Carbon, nitrogen and sulfur isotope ratios contained in the bones reveal that all members of the community, including people from other countries, had access to the same food sources. These results are published in Journal of Archaeological Sciences: Reports.

The Neolithic period marked the beginning of animal husbandry and agriculture. In Switzerland, this period spans between 5500 and 2200 BC. The first agropastoral communities gradually transitioned from a predatory economy—in which hunting and gathering provided the nutrients essential for survival—to a production economy.

This fundamentally changed the dietary habits and functioning dynamics of Neolithic populations. The bones and teeth of individuals preserve chemical traces that scientists are now able to detect and interpret.

The aim of the study carried out by Déborah Rosselet-Christ, a PhD student in the Laboratory of African Archeology and Anthropology at the UNIGE Faculty of Sciences, is to apply isotope analysis to human remains dating from the Neolithic period to learn more about them. diet and mobility.

The levels of certain isotopes of carbon, nitrogen, sulfur and strontium depend on the environment in which each individual lives and eats. Isotopes are atoms that have the same number of electrons and protons, but a different number of neutrons. This very precise and delicate technique is being applied for the first time to the alpine agro-pastoral populations of the Middle Neolithic period in the western part of Switzerland.

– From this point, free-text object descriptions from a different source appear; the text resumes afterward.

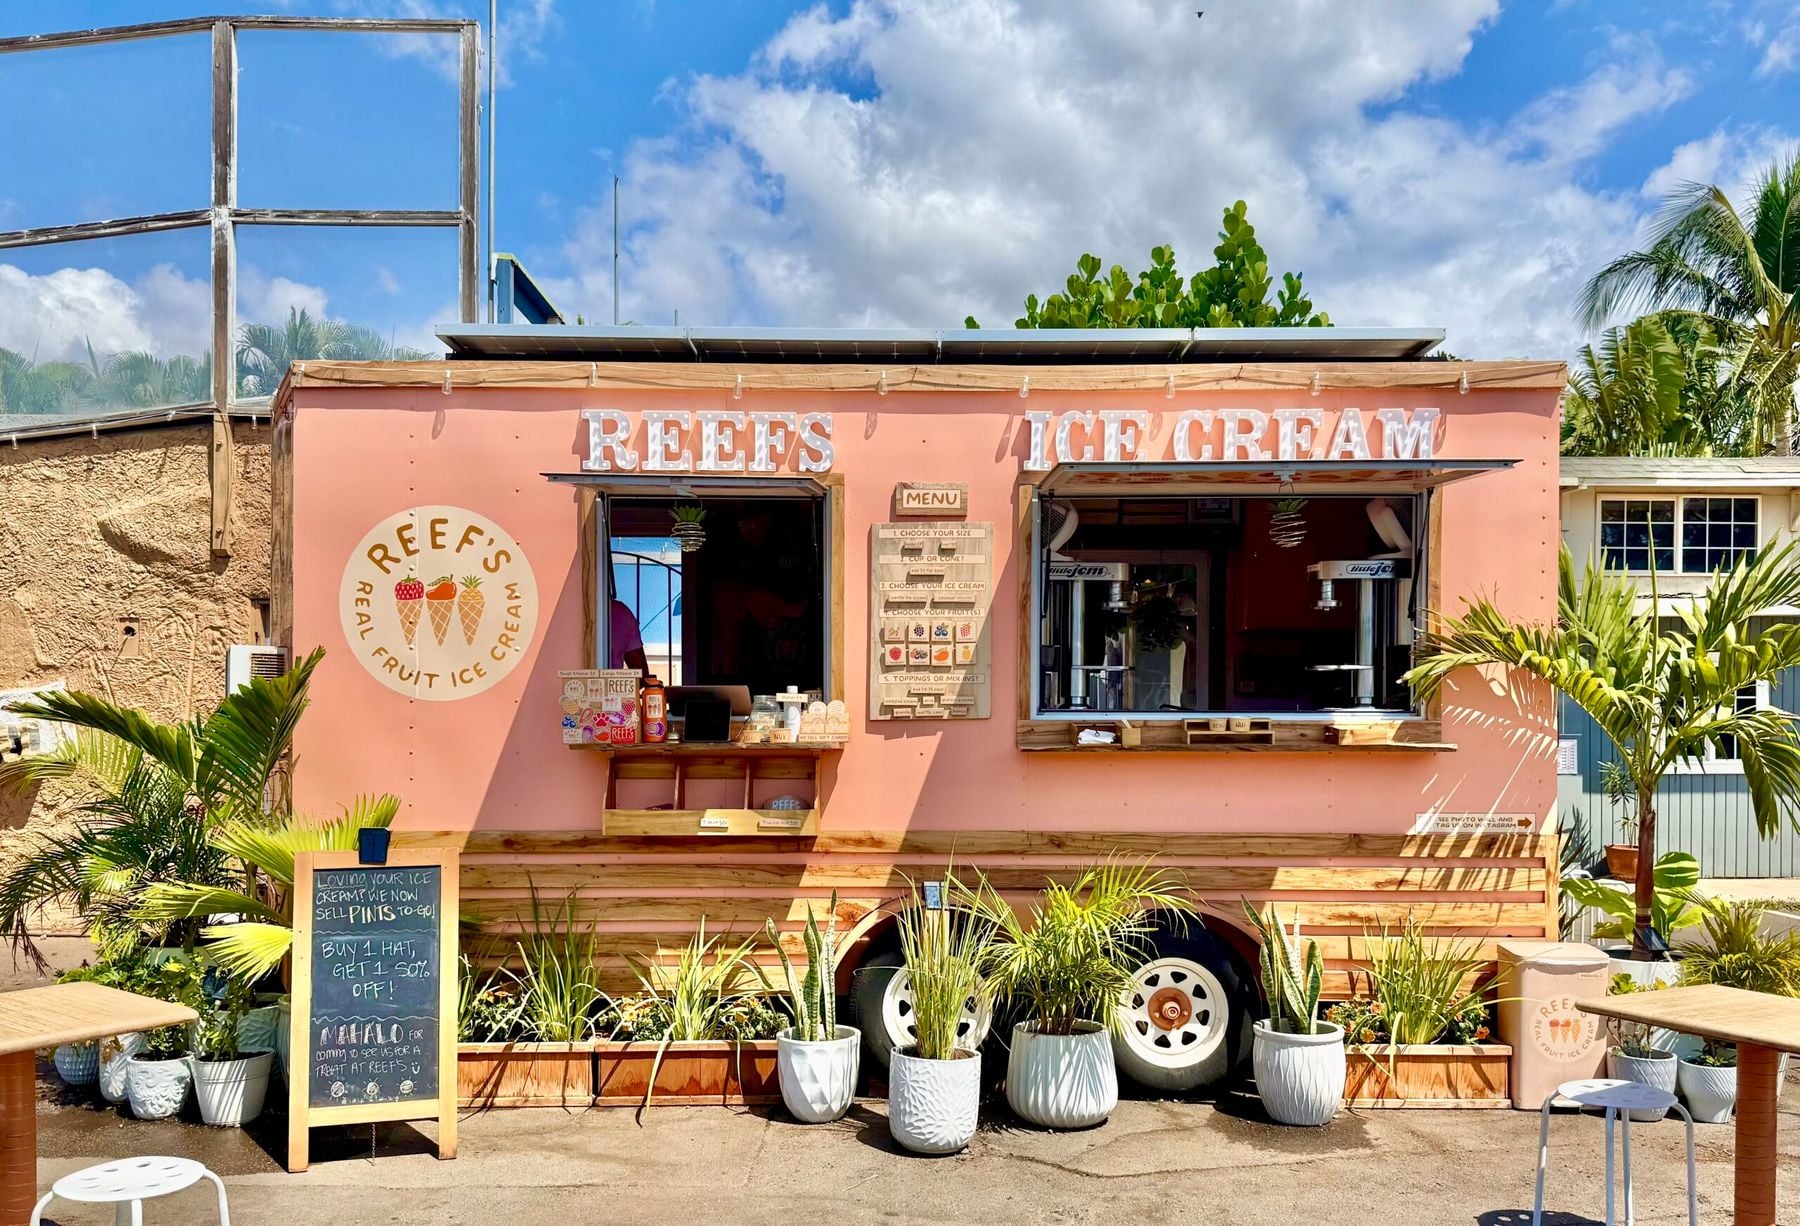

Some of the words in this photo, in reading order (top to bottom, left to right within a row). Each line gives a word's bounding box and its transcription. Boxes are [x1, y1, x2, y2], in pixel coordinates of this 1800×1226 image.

[581, 409, 835, 472] REEFS
[1023, 409, 1148, 471] ICE
[1173, 408, 1441, 461] CREAM
[906, 492, 958, 505] MENU
[367, 518, 512, 575] REEF'S
[355, 580, 374, 641] REAL
[490, 582, 522, 662] CREAM
[371, 646, 440, 689] FRUIT
[451, 662, 487, 688] ICE
[409, 871, 433, 884] ICE
[316, 888, 365, 905] CREAM?
[368, 889, 388, 902] WE
[391, 888, 418, 902] NOW
[315, 906, 348, 920] SELL
[349, 904, 396, 924] PINTS
[321, 941, 357, 964] BUY
[363, 940, 377, 956] 1
[332, 960, 371, 980] GET
[373, 961, 388, 975] 1
[320, 1021, 404, 1046] MAHALO
[409, 1029, 424, 1041] FOR
[1582, 1020, 1595, 1050] CREAM
[413, 1045, 421, 1055] A
[1541, 1043, 1566, 1059] FRUIT
[1568, 1050, 1581, 1058] ICE
[315, 1063, 348, 1078] TREAT
[351, 1061, 366, 1074] AT
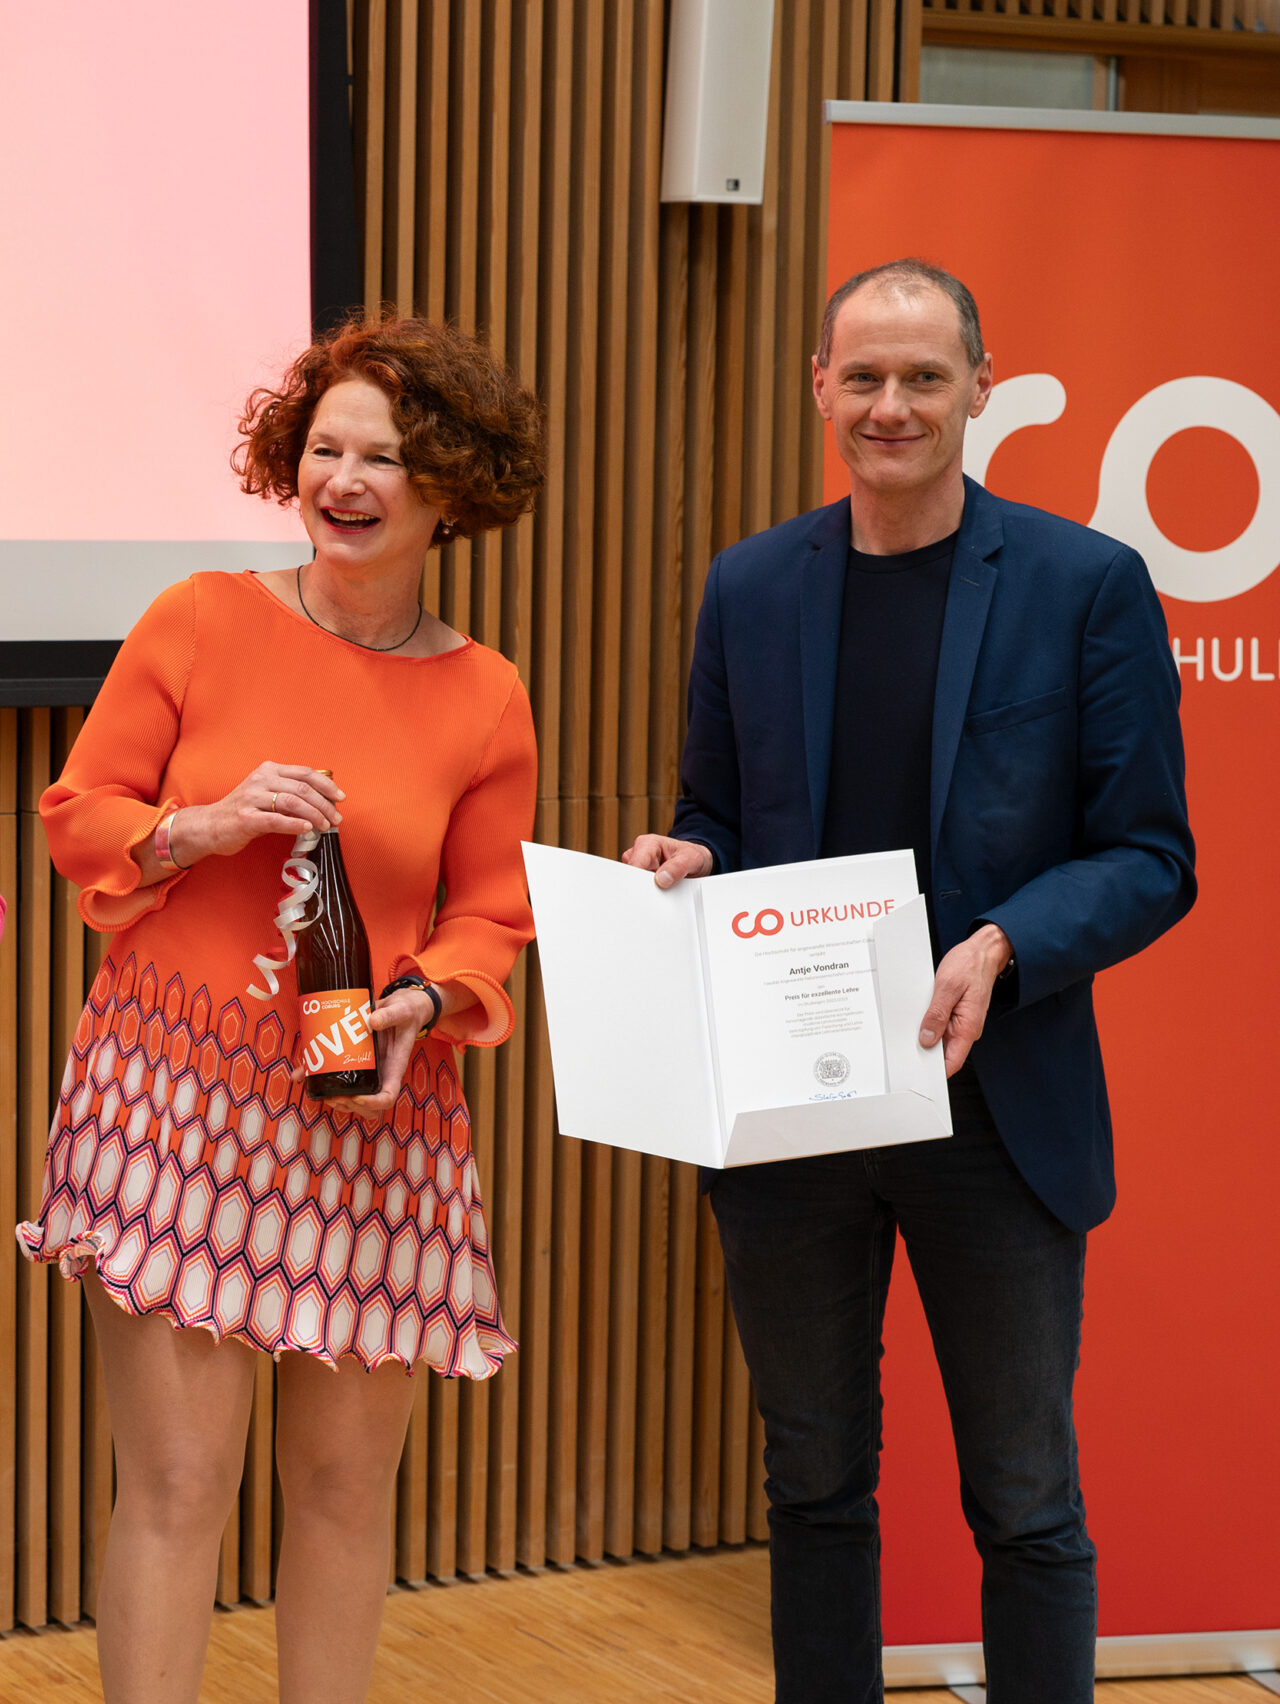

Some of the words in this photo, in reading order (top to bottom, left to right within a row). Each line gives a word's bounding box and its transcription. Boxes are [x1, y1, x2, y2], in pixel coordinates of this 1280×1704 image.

[1172, 636, 1280, 682] HUL
[789, 966, 812, 976] Antje
[813, 962, 850, 973] Vondran
[784, 993, 800, 1001] Preis
[811, 989, 842, 998] exzellente
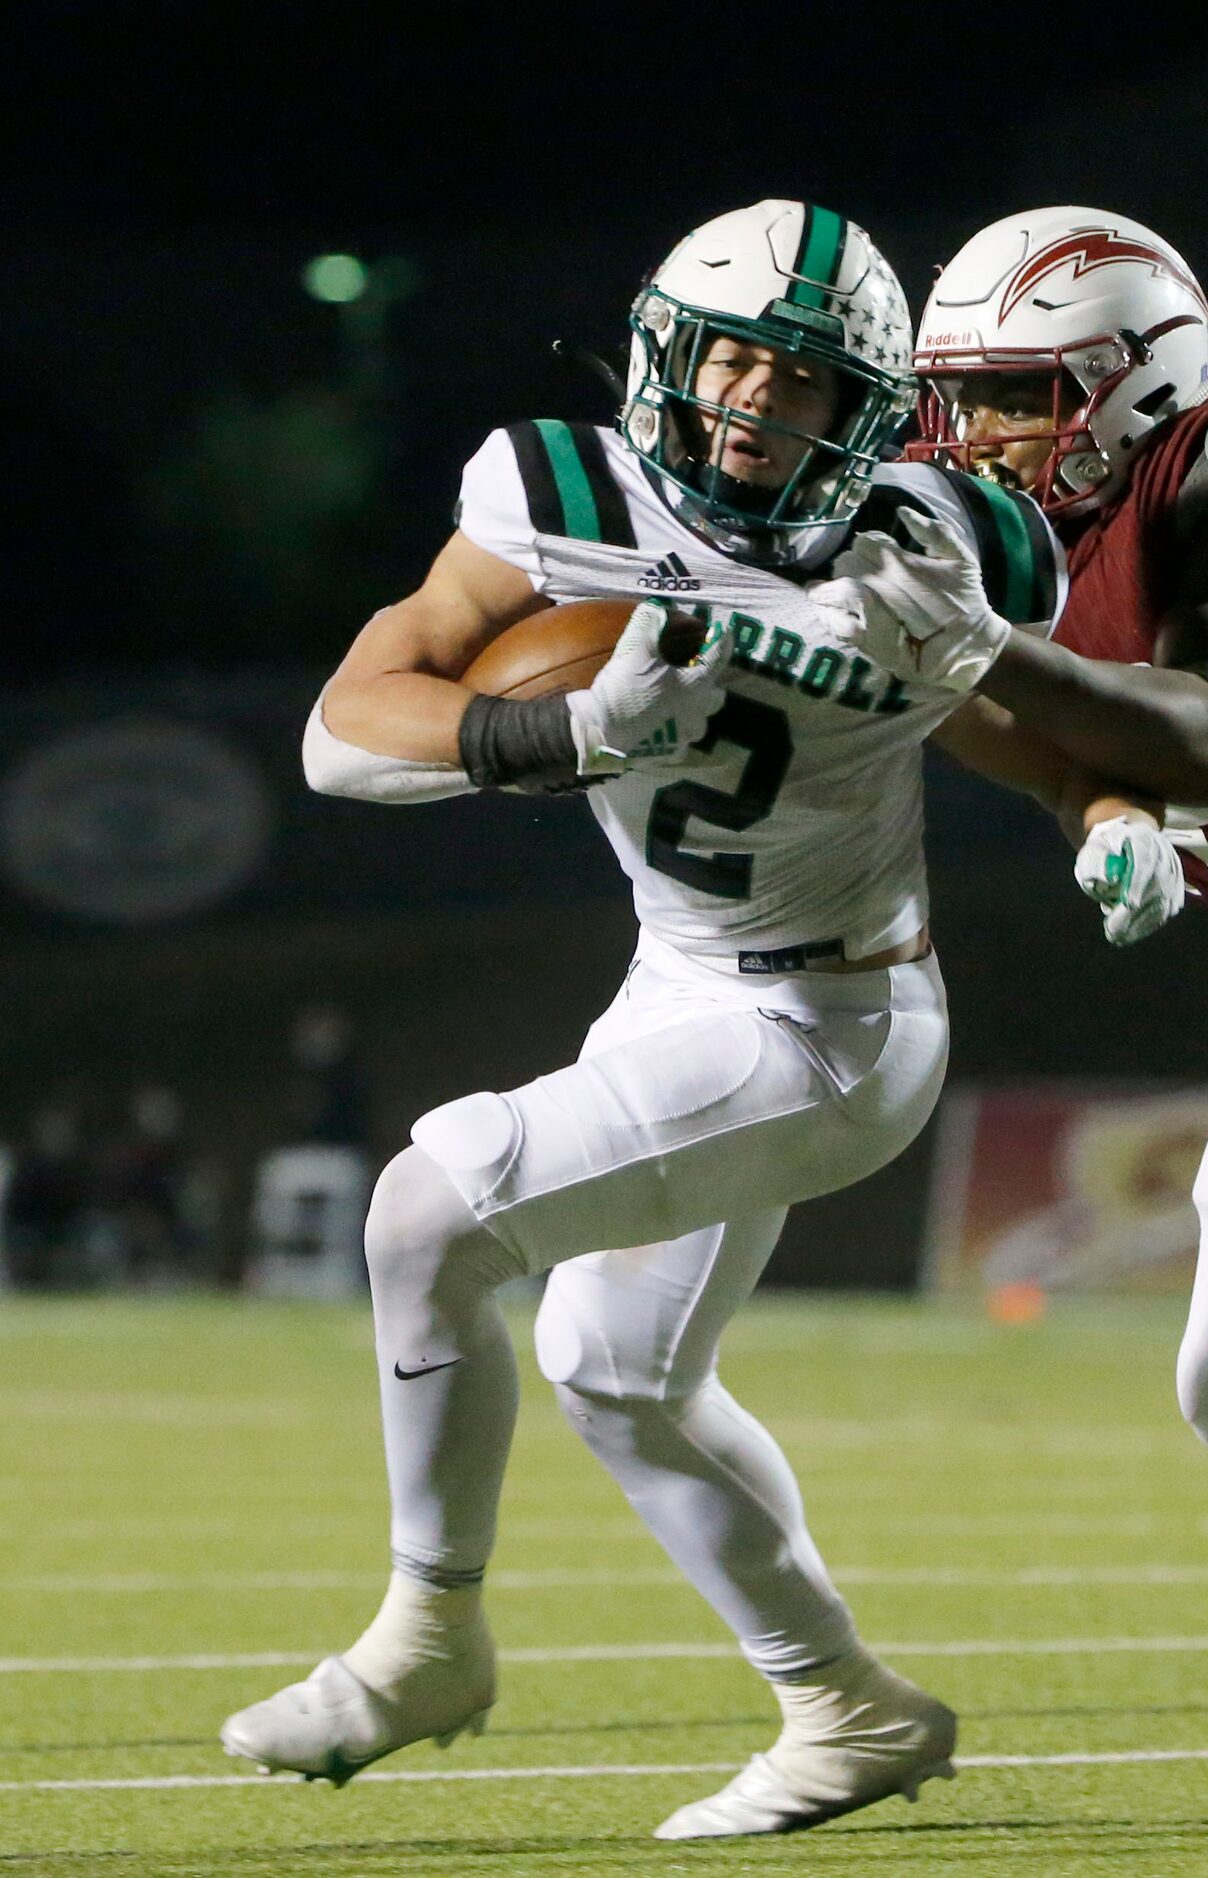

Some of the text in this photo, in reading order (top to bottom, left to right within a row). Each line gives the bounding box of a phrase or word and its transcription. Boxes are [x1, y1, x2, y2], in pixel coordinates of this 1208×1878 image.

[926, 332, 972, 347] Riddell
[637, 576, 701, 591] adidas
[645, 691, 795, 900] 2

Mobility according to the second molar

Excavated in the 1950s and 1990s, the Barmaz site at Collombey-Muraz in the Chablais region of Valais is one of the oldest remains of agro-pastoral societies in western Switzerland that has preserved human remains. It includes two necropolises containing the remains of about seventy individuals. For her master’s degree, Déborah Rosselet-Christ, the first author of the study, selected 49 of them (as many women as men) from whom she systematically took collagen samples from certain bones, as well as enamel fragments from their second molars.

“The second molar is a tooth whose crown is formed between the ages of three and eight,” explains the researcher.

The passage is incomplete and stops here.